Abstract

ABSTRACTIn this article we consider operational risk and use data analytics to estimate the credit portfolio risk. Specifically, we consider situations in which managers need to make the optimal operational decision on total provision for risk to hedge against the potential risk in the entire supply chain. We build a new structural credit model integrated with data analytics to analyze the joint default risk of credit portfolio. Our model enables the decision maker to better assess the risk of a supply chain, so that they could determine the optimal operational decisions with total provision for risk, and react in a timely manner to economic and environmental changes.

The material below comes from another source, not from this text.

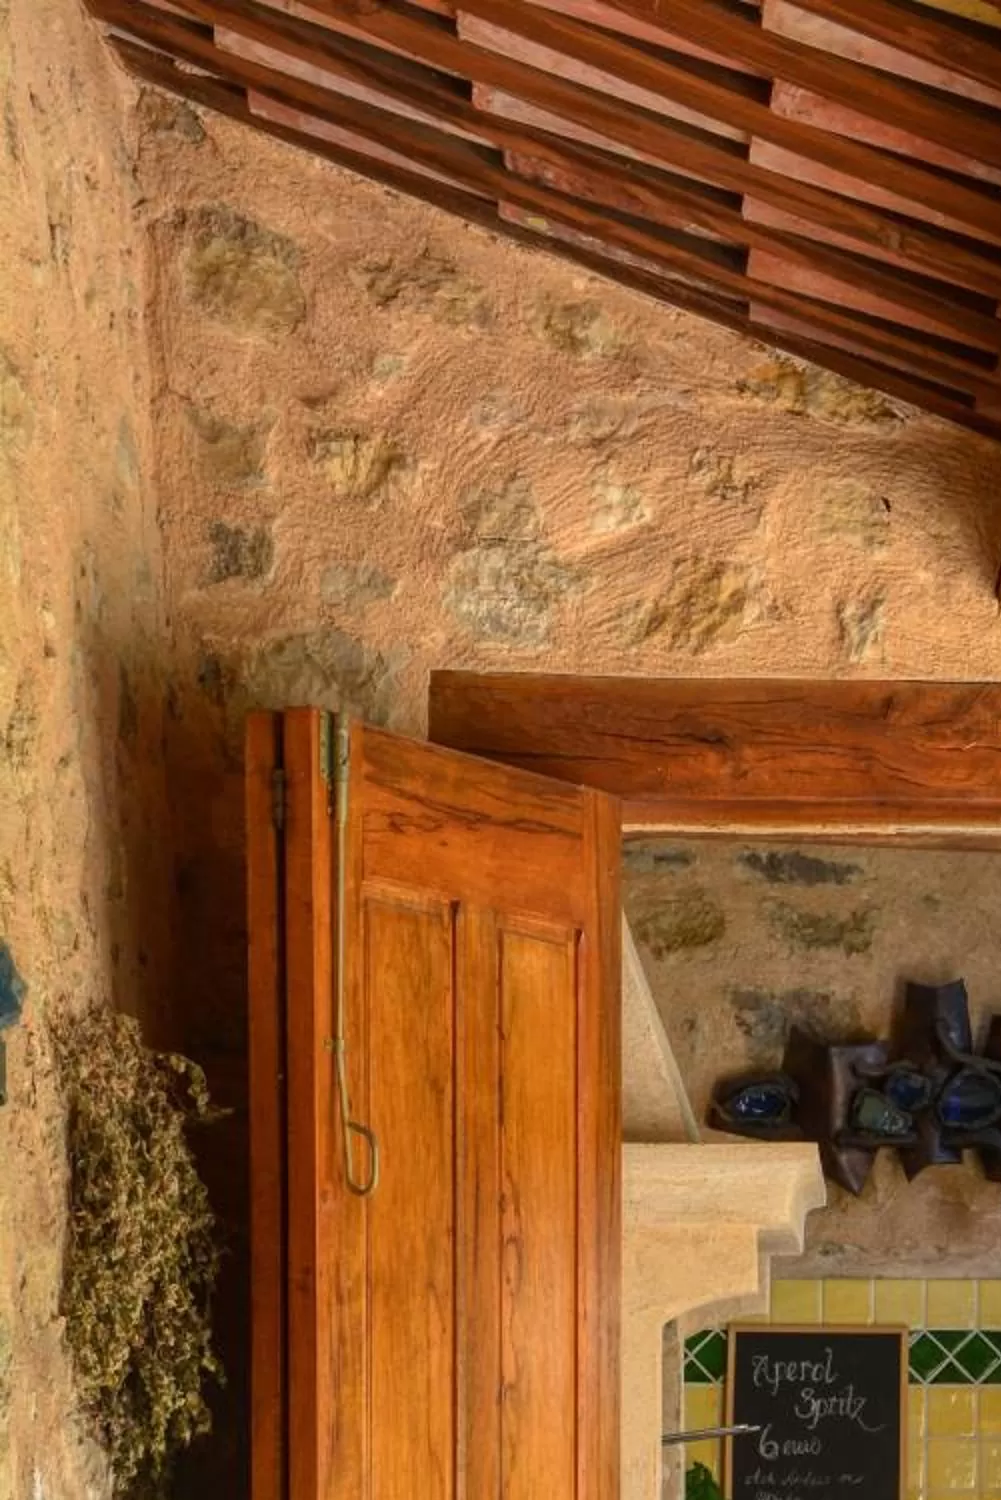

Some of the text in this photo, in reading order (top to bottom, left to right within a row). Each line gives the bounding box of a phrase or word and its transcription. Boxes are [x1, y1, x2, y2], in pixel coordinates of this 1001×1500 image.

We propose an efficient simulation method to estimate the default probability of the credit portfolio with the risk factors having the multivariate t‐copula. Moreover, we develop a three‐step importance sampling (IS) method for the t‐copula credit portfolio risk measurement model to achieve an accurate estimation of the tail probability of the credit portfolio loss distribution. We apply the Levenberg–Marquardt algorithm to estimate the mean‐shift vector of the systematic risk factors after the probability measure change. Besides, we empirically examine the changes in the credit portfolio risks of 60 listed Chinese firms in different industries using our proposed method. The results show that our model can help the decision maker make the optimal operational decisions with total provision for risk, which hedges against the potential risk in the entire supply chain.